This article aims to compare and contrast the functionalities of the np.mean() and np.average() functions in Python NumPy.
Both functions are utilized to compute averages, with np.mean() returning the arithmetic mean and np.average() enabling the calculation of weighted averages if weights are provided.
While the two functions are equivalent when weights are not supplied, they differ in their ability to handle masks and the presence of the dtype keyword.
The source code for np.mean() includes a try-except block, whereas np.average() contains additional code for computing the weighted mean and returns the scaling factor if weights are provided.
Notably, np.mean() is recommended for large arrays, particularly when the dtype=float64 is specified, while np.average() should be explicitly used for weighted averages.
By examining the similarities and distinctions between np.mean() and np.average(), this article seeks to provide a comprehensive understanding of their respective applications in Python NumPy.
Comparing Functions
The comparison between np.mean() and np.average() in Python NumPy includes evaluating their differences in functionality and behavior.
np.mean() computes the arithmetic mean along the specified axis, while np.average() can compute a weighted average if the weights parameter is supplied. The two functions are equivalent if weights are not provided.
np.mean() returns the average of the array elements, while np.average() returns the average and scaling factor if weights are supplied. Both functions take into account masks and compute the mean only over unmasked values.
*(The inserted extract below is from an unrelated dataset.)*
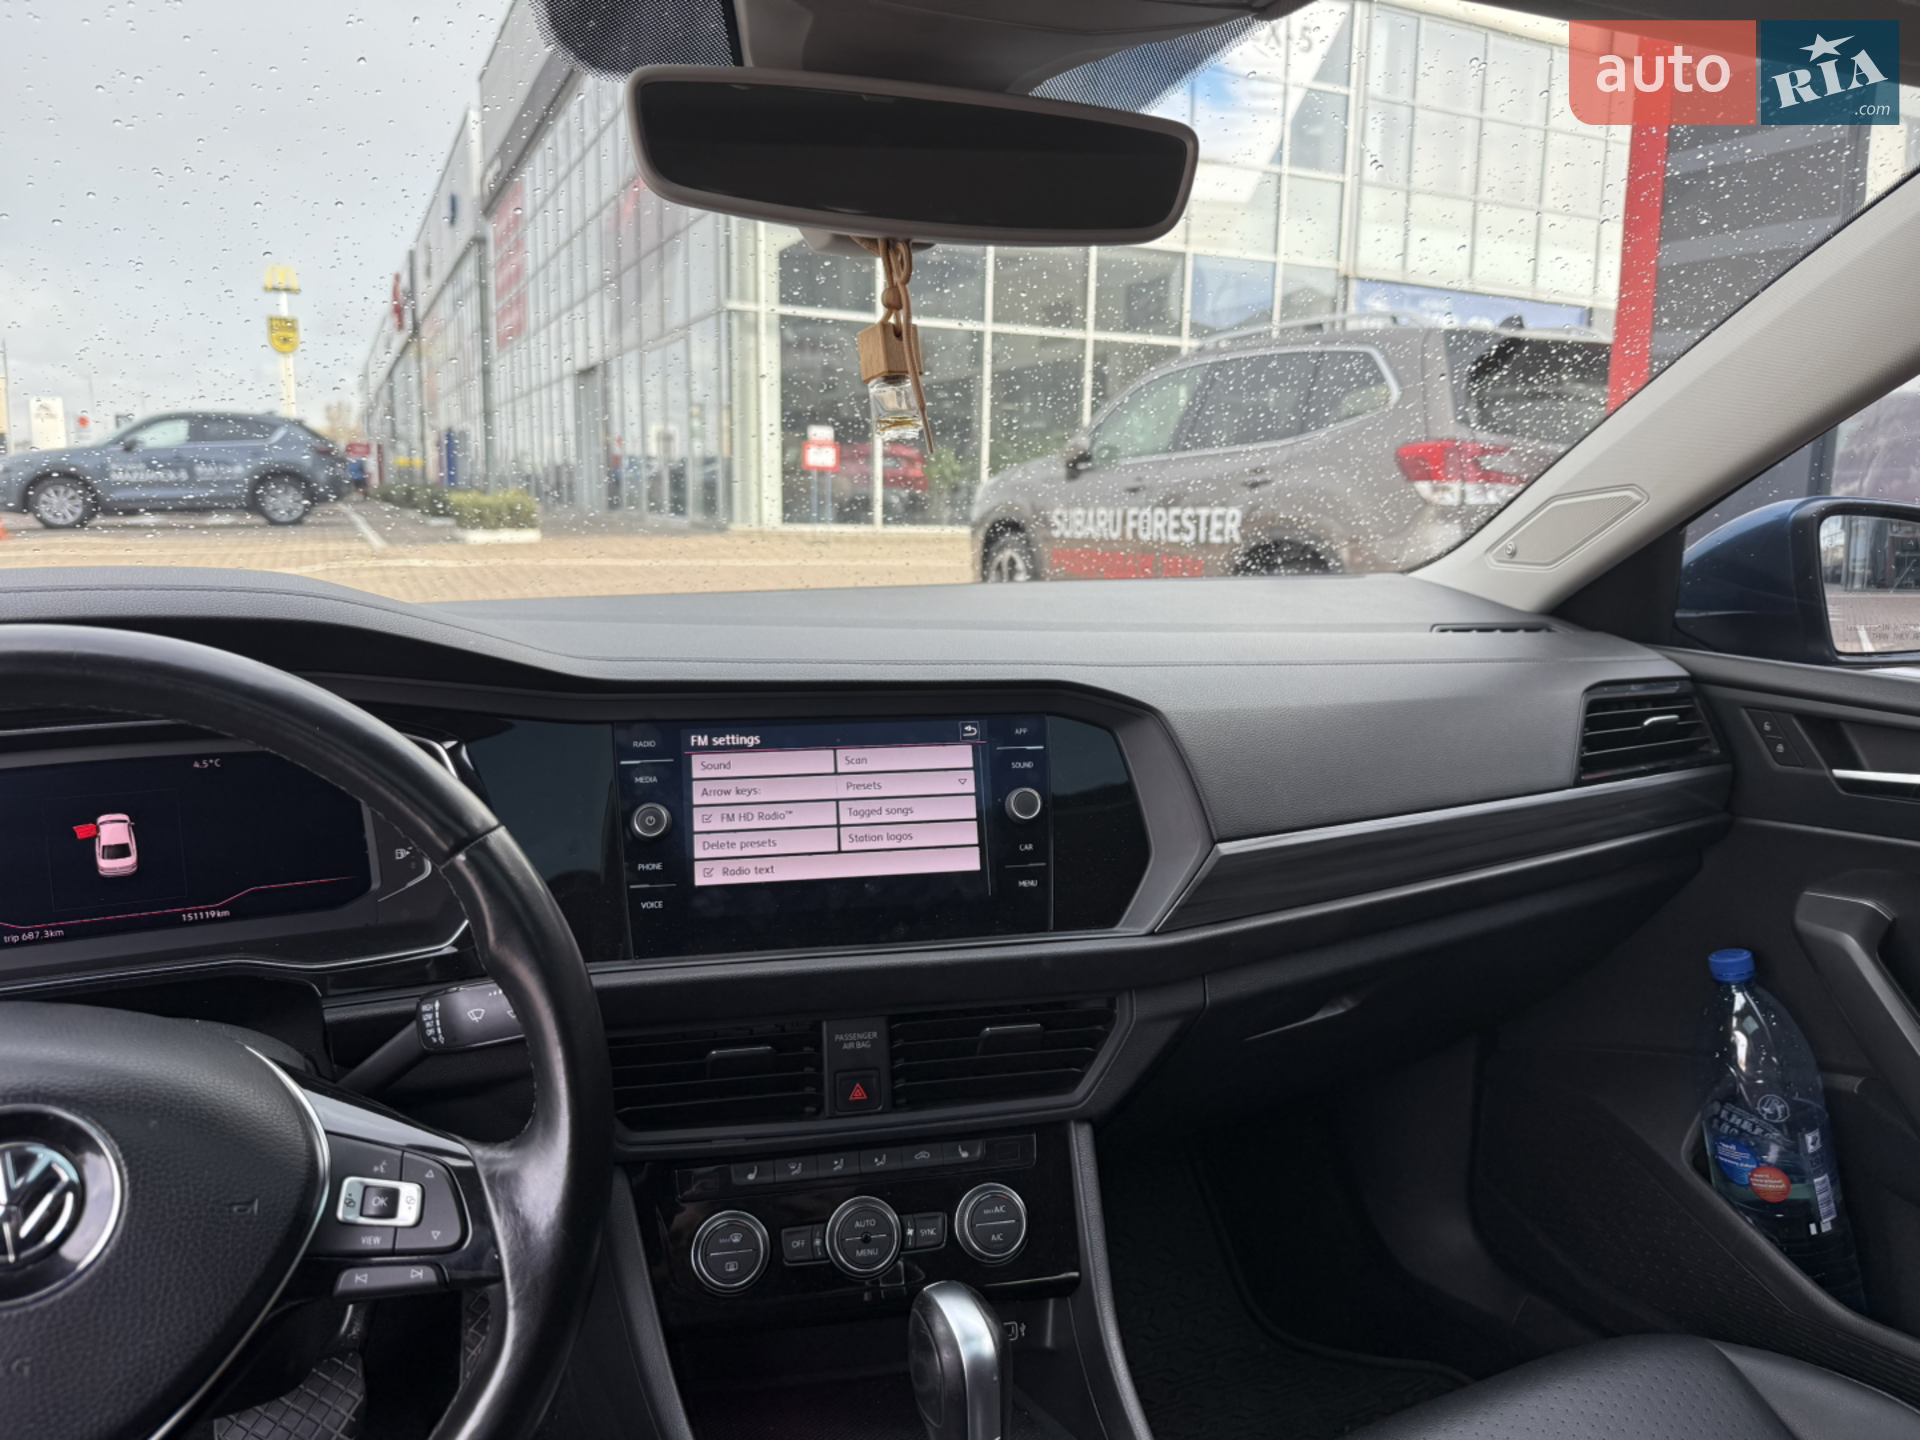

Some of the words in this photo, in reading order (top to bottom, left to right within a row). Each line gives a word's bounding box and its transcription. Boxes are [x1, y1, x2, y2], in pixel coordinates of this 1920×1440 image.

However, np.mean() has additional options for input and output, allowing the dtype keyword, which is essential for getting correct results in some cases. On the other hand, np.average() does not allow the dtype keyword and can give incorrect results if not specified.
Overall, np.mean() is preferred for general use, while np.average() should be used explicitly for weighted averages.
Mean vs. Average
When comparing the two functions, it is important to understand the distinction between the concepts of mean and average.
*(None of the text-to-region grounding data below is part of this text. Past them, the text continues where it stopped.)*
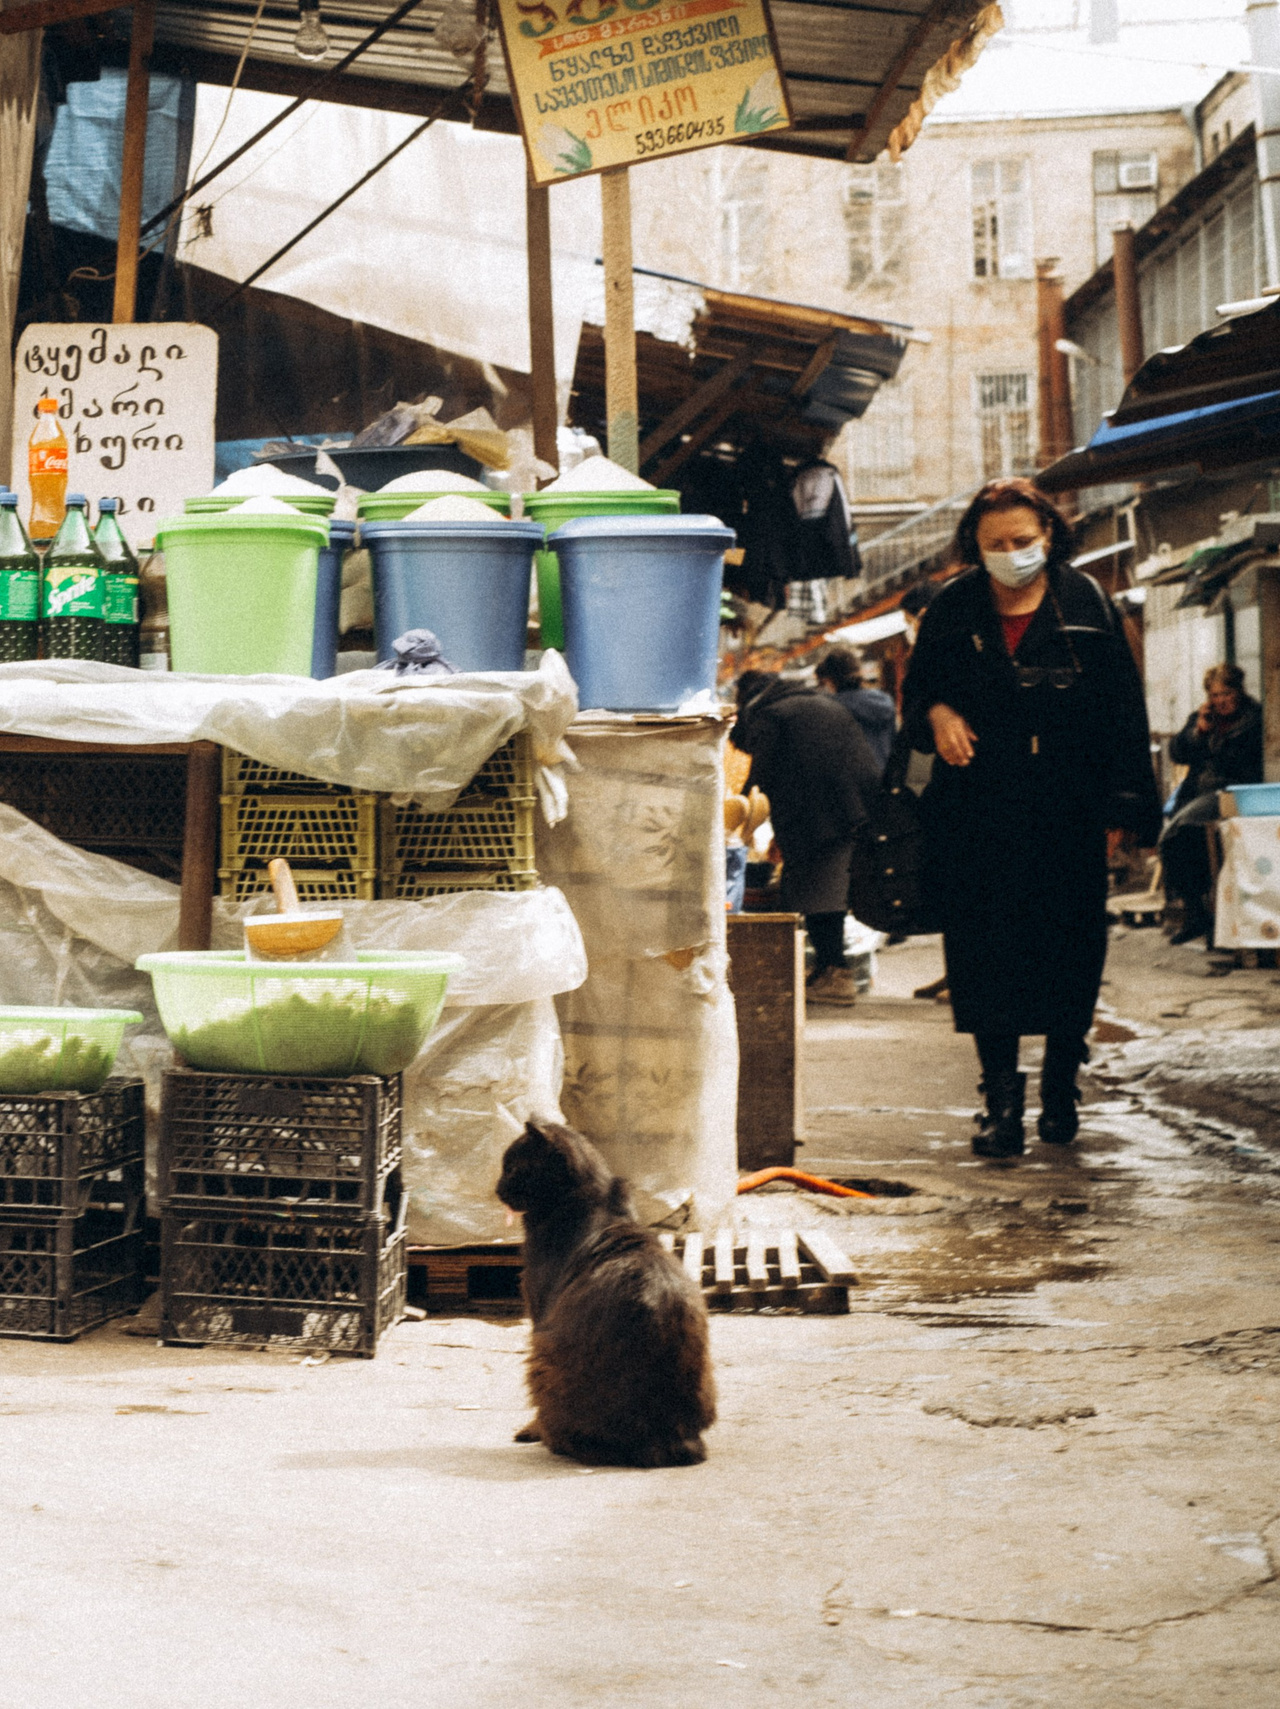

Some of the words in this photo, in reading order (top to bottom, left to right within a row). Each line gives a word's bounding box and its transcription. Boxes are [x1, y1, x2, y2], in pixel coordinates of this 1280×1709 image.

[549, 41, 635, 82] წყალზე
[641, 14, 740, 56] დაფქვილი
[534, 66, 638, 114] საუკეთესო
[585, 84, 699, 139] ელიკო
[635, 116, 725, 153] 593660435
[24, 327, 188, 382] ტყემალი
The mean is a measure of central tendency that represents the arithmetic average of a set of values. It is calculated by summing all the values and dividing by the number of values.
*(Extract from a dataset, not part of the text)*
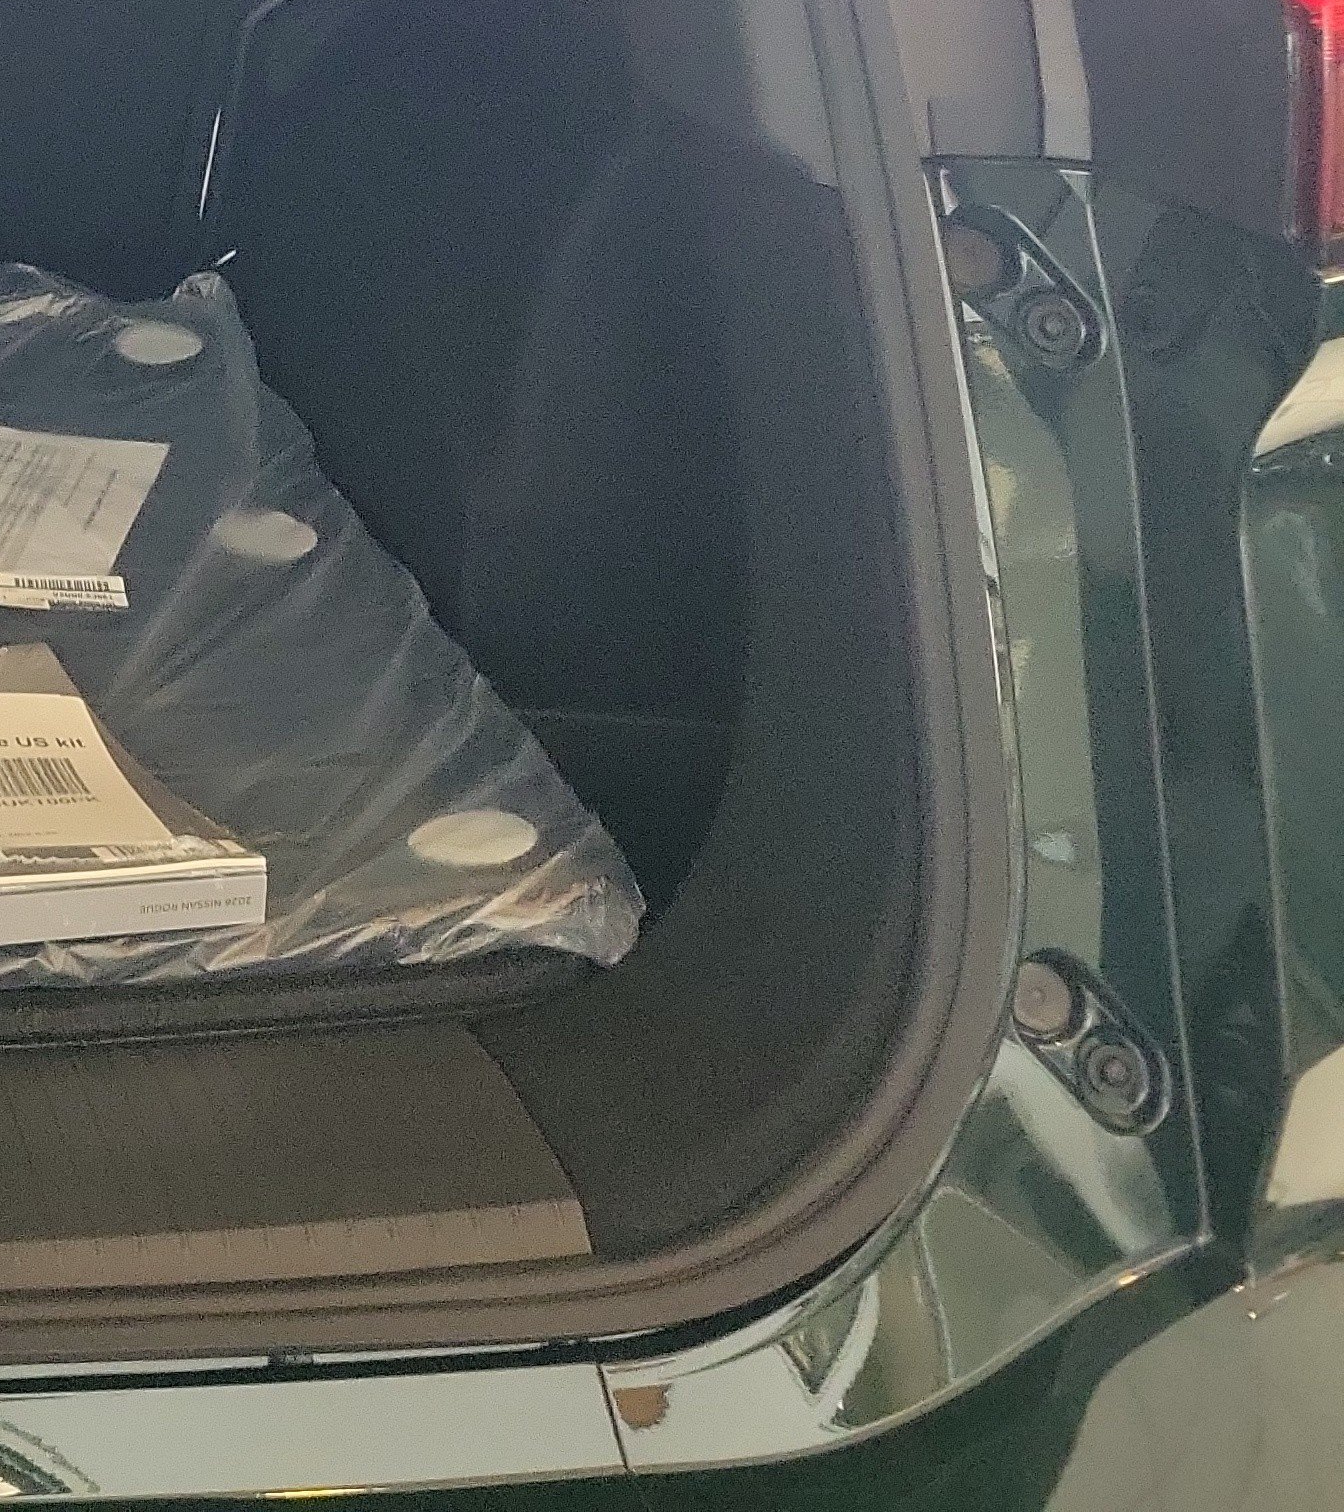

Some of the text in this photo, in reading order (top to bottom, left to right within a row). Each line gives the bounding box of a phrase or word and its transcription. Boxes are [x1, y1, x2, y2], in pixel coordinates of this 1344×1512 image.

[15, 736, 49, 747] US
[55, 737, 86, 748] kit
[139, 903, 179, 915] ROGUE
[181, 899, 222, 911] NISSAN
On the other hand, average is a more general term that can refer to different types of averages, including the mean.
In the context of numpy, np.mean() calculates the arithmetic mean along the specified axis, while np.average() can compute a weighted average if the weights parameter is supplied.
Therefore, np.mean() is more commonly used when calculating simple averages, while np.average() is preferred when dealing with weighted averages.
Differences and Usage
Differences between np.mean() and np.average() can be observed in terms of their computational methods and usage in statistical calculations.
While both functions can compute the average of array elements, np.mean() computes the arithmetic mean along the specified axis, while np.average() can compute a weighted average if the weights parameter is supplied. If weights are not provided, the two functions are equivalent.
Additionally, np.average() takes an optional weight parameter and returns the average along with the scaling factor if weights are supplied. On the other hand, np.mean() always computes an arithmetic mean and has additional options for input and output. It also takes into account masks and computes the mean only over unmasked values. In contrast, np.average() does not consider masks.
Furthermore, np.average() does not allow the dtype keyword, which is necessary for obtaining correct results in some cases, while np.mean() allows the dtype keyword.
Overall, np.mean() is preferred for large arrays and np.average() should be explicitly used for weighted averages.